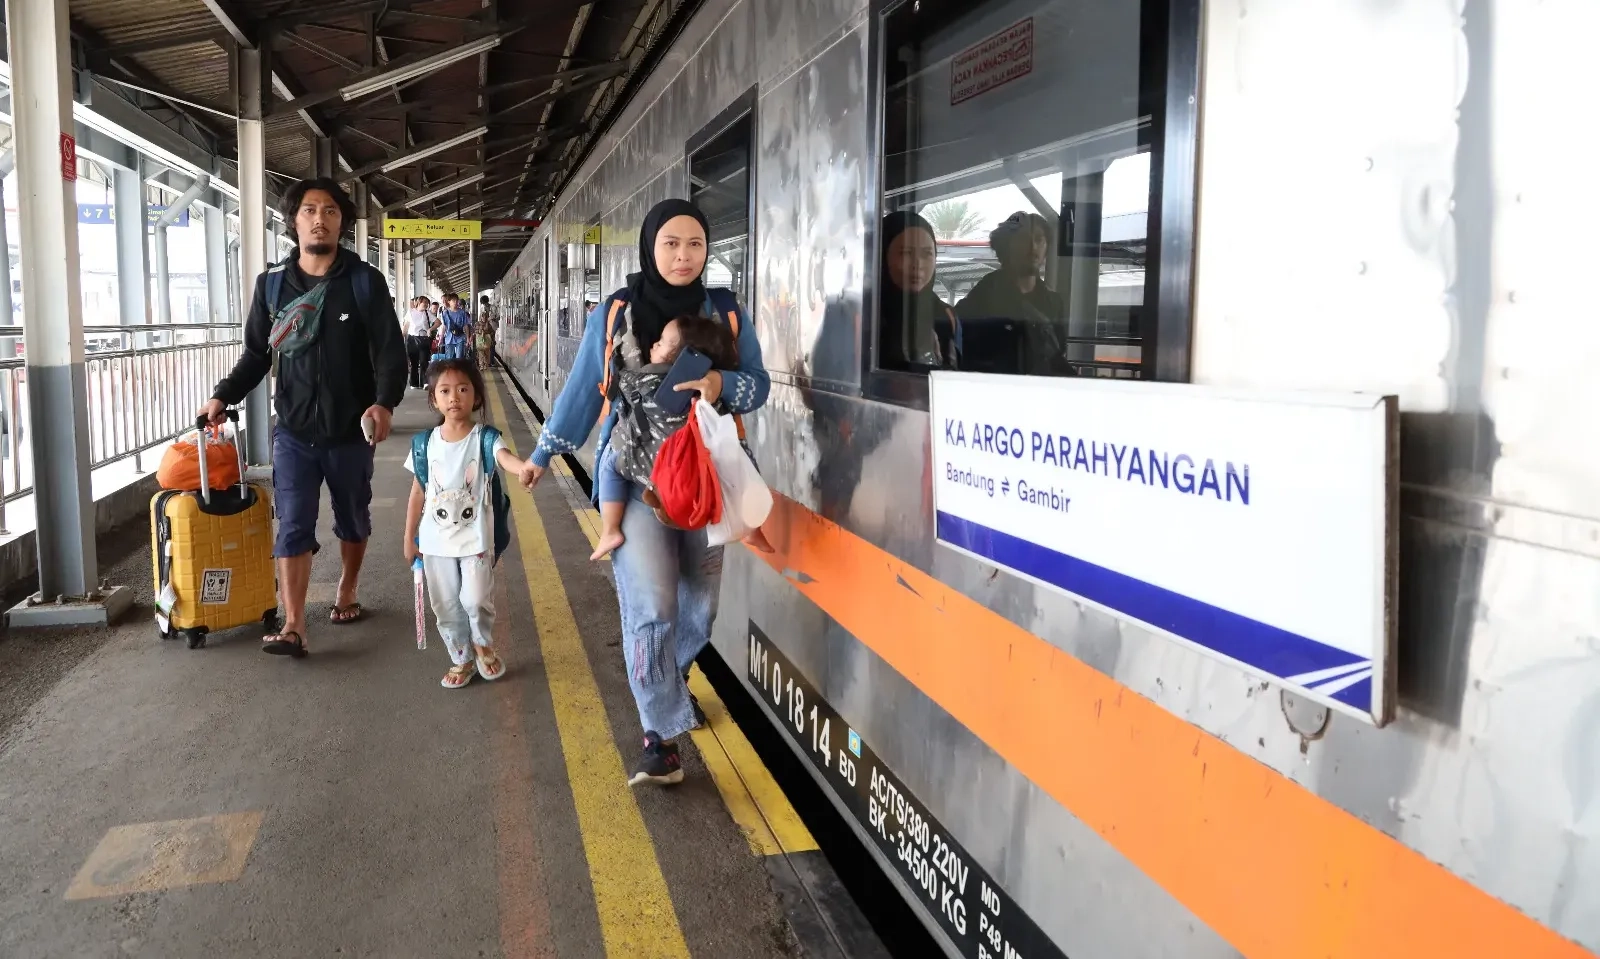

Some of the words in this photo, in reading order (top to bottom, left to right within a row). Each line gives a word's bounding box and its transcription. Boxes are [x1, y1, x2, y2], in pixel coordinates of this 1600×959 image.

[95, 208, 104, 218] 7
[945, 418, 967, 448] KA
[971, 422, 1025, 460] ARGO
[1031, 431, 1251, 506] PARAHYANGAN
[946, 462, 995, 497] Bandung
[1017, 480, 1071, 514] Gambir
[750, 634, 768, 690] M1
[786, 678, 804, 734] 18
[810, 705, 832, 768] 14
[839, 749, 856, 788] BD
[870, 766, 930, 854] AC/TS/380
[932, 836, 969, 896] 220V
[868, 801, 888, 841] BK
[896, 831, 938, 900] 34500
[942, 880, 967, 936] KG
[981, 880, 1000, 916] MD
[980, 912, 1002, 953] P48
[1004, 940, 1023, 959] M
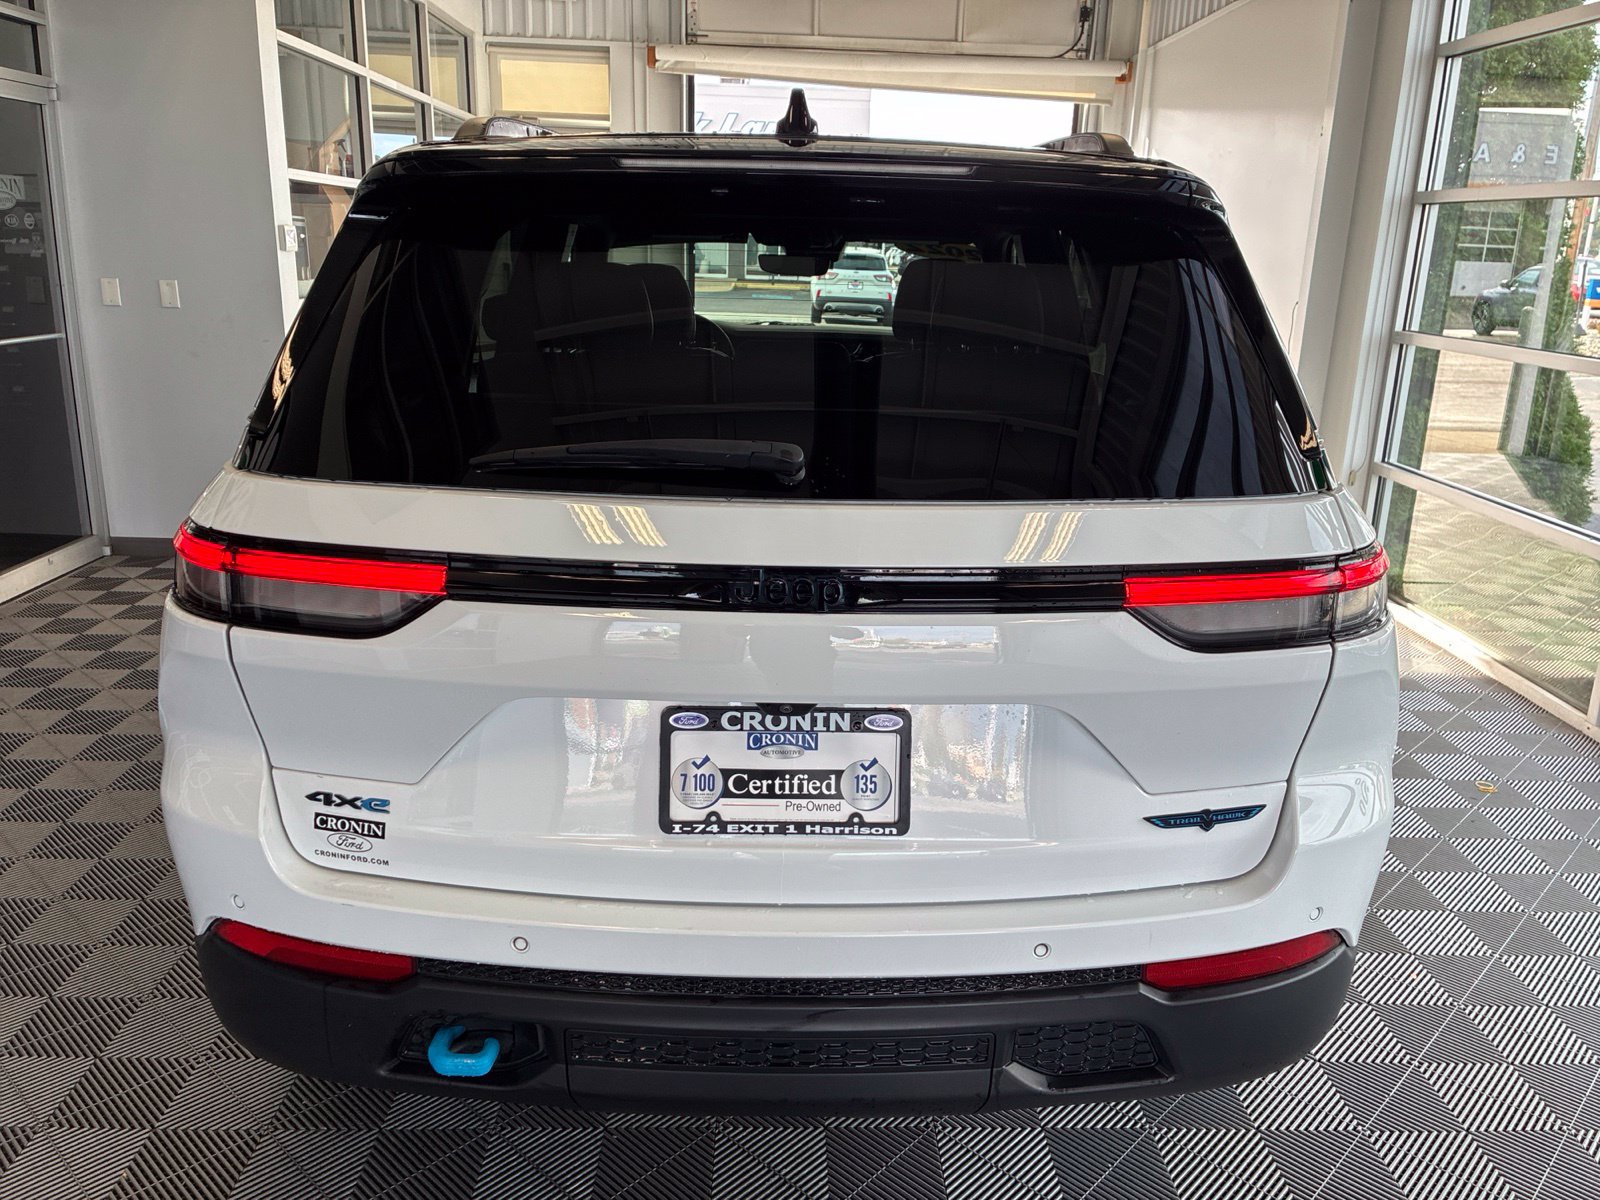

• _TASK STATEMENT_
Print the records verbatim, without pictures.

• _SOLUTION TO THE EXERCISE_
Some of the words in this photo, in reading order (top to bottom, left to right within a row). Each line gives a word's bounding box and its transcription. Boxes are [x1, y1, x2, y2], in pixel coordinates of this 1600×959 image.

[95, 208, 104, 218] 7
[945, 418, 967, 448] KA
[971, 422, 1025, 460] ARGO
[1031, 431, 1251, 506] PARAHYANGAN
[946, 462, 995, 497] Bandung
[1017, 480, 1071, 514] Gambir
[750, 634, 768, 690] M1
[786, 678, 804, 734] 18
[810, 705, 832, 768] 14
[839, 749, 856, 788] BD
[870, 766, 930, 854] AC/TS/380
[932, 836, 969, 896] 220V
[868, 801, 888, 841] BK
[896, 831, 938, 900] 34500
[942, 880, 967, 936] KG
[981, 880, 1000, 916] MD
[980, 912, 1002, 953] P48
[1004, 940, 1023, 959] M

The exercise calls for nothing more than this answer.